Linda Carswell has passed a major milestone in her quest to get her husband’s heart back.
A Texas appeals court ruled last Thursday against the hospital that has been blocking her from retrieving the heart of her husband, who had died unexpectedly while in the hospital’s care in 2004. The court also upheld a $2 million fraud judgment Carswell won against the hospital.
Jerry Carswell, 61, had been admitted to Christus St. Catherine Hospital, in Katy, Texas, with kidney stones and was supposed to have gone home on the day he passed away in January 2004. He had been given narcotic painkillers, but the exact cause of death was never determined.
Linda Carswell compares the legal battle to recover the heart to a search and rescue mission to duly honor and respect her husband. “It’s in the hands of the people that took his life.”
Linda, his wife of 33 years, filed a lawsuit and discovered something that’s horrified her ever since: The hospital pathologist who did Jerry’s autopsy kept his heart. Medical providers refused to return it, as ProPublica first reported in 2011.It remains refrigerated in a hospital morgue.
Carswell compares the legal battle to recover his heart to a search and rescue mission to duly honor and respect her husband. “It’s in the hands of the people that took his life,” Carswell said. “I don’t want them to have anything that belongs to Jerry.”

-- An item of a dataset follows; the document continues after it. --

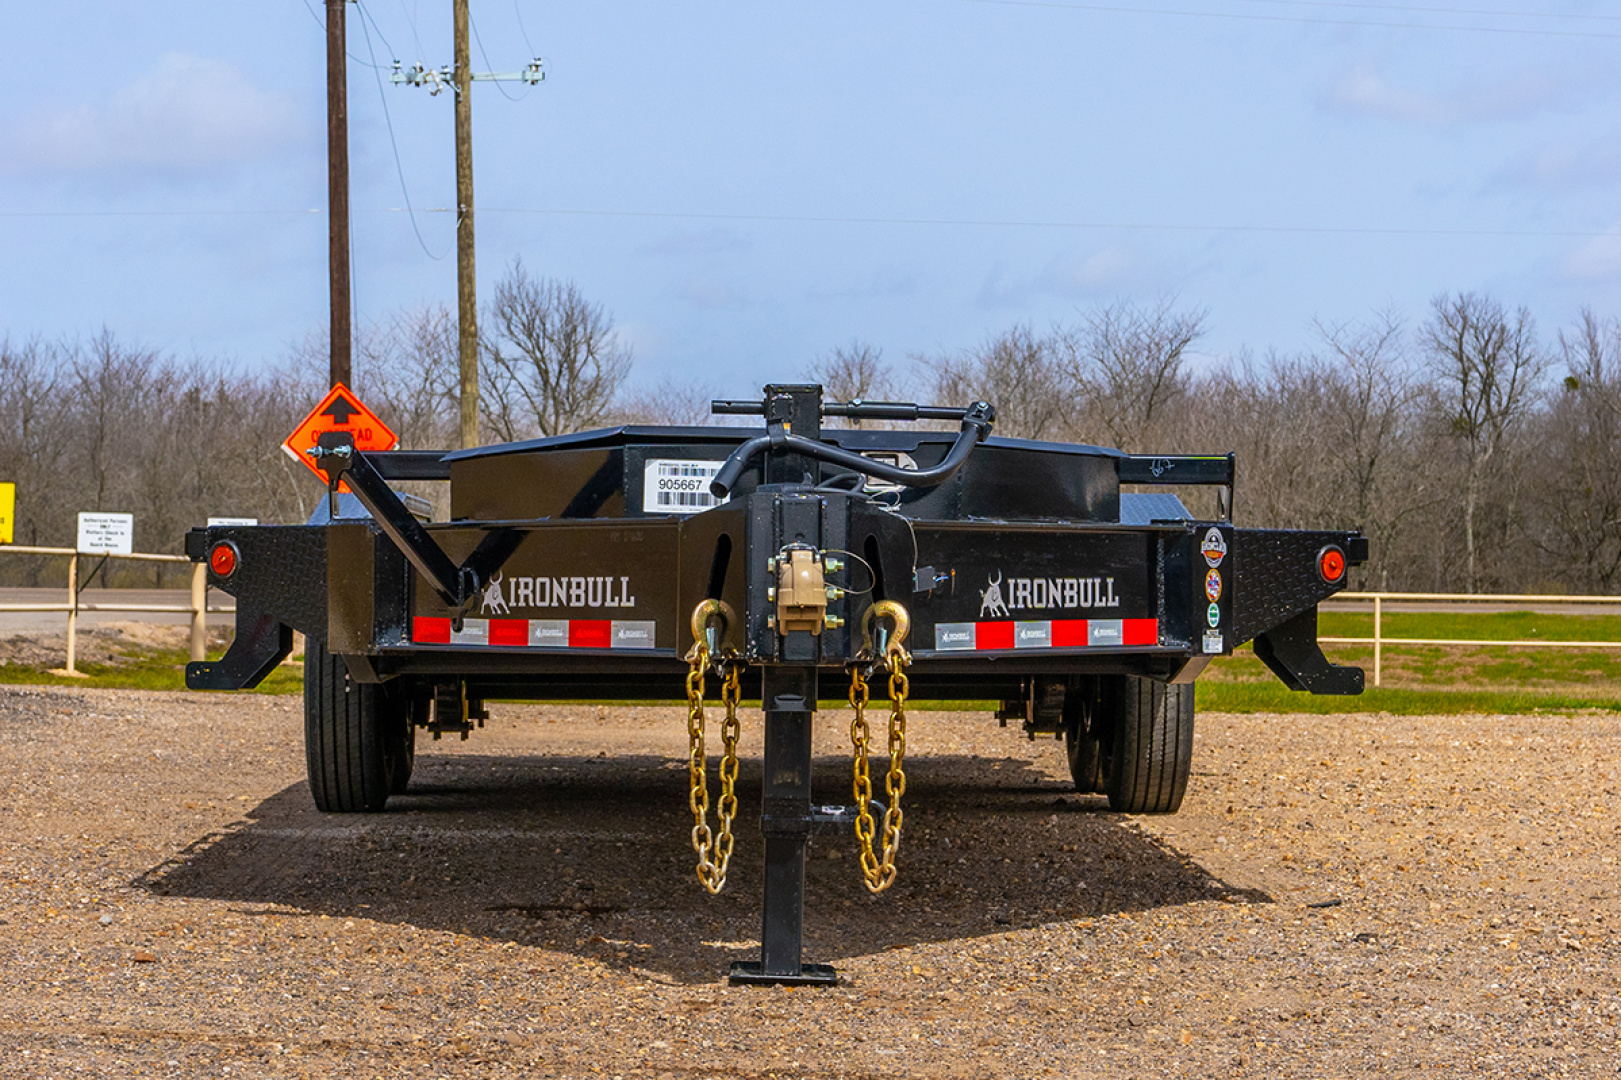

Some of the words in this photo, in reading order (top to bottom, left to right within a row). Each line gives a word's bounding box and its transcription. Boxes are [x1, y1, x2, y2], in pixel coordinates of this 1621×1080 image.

[658, 478, 703, 491] 905667
[509, 576, 635, 608] IRONBULL
[1007, 577, 1120, 609] IRONBULL

On the morning that Jerry died, Linda urged hospital employees to ask the Harris County Medical Examiner’s Office for a complete and independent autopsy to determine the cause of death. But a hospital employee told Carswell that the medical examiner’s office refused to take the case because officials there had been told that he died of renal failure.
That statement was described as “a material, false misrepresentation with at least reckless disregard for the truth” in the ruling by a three-judge panel of the Court of Appeals for the First District of Texas.
Hospital employees also told Carswell that a complete autopsy that’s “just like” a forensic autopsy could be performed at St. Joseph Medical Center. They did not tell Carswell that St. Joseph, at the time, was owned by the same company as Christus St. Catherine, where her husband died.
In fact, hospital autopsies are rare and are not like more thorough forensic autopsies. Carswell’s autopsy did not include any toxicology tests, which her lawyers argued might have been able to determine whether painkillers contributed to his death.
Attorneys for Christus St. Catherine have argued that Jerry’s heart cannot be returned because it’s possible evidence in the legal case. They blocked St. Joseph Medical Center, by then owned by a different company, from turning the heart over to Linda Carswell.
While finding fraud, the jury that originally heard Carswell’s case rejected a claim that medical negligence caused Jerry’s death. Carswell did not appeal the verdict, leading the appeals court to determine the hospital had no need to maintain the heart as evidence.
Attorney Erin Lunceford, who represents St. Joseph Medical Center, said she was still digesting the court opinion and discussing it with her clients. But now that the appeals court has removed the legal barrier, she said the heart could be returned, assuming the Christus hospital doesn’t otherwise intervene.
Christus attorneys did not return calls for comment. Neil McCabe, the attorney who represented Carswell before the appeals court, said it’s possible the hospital could still try and maintain possession of the heart even though the appeals court determined it’s not relevant to the fraud verdict.
Carswell said the ruling validated the mistreatment she and her family suffered. “Clearly, wrong was done in Jerry’s death,” she said. “And on top of that, clearly the hospital tried to cover things up.”
After almost 10 years, she feels she and her family can come to closure once the heart is returned. She’s selected a small box for it, and looks forward to burying it alongside her husband’s other remains.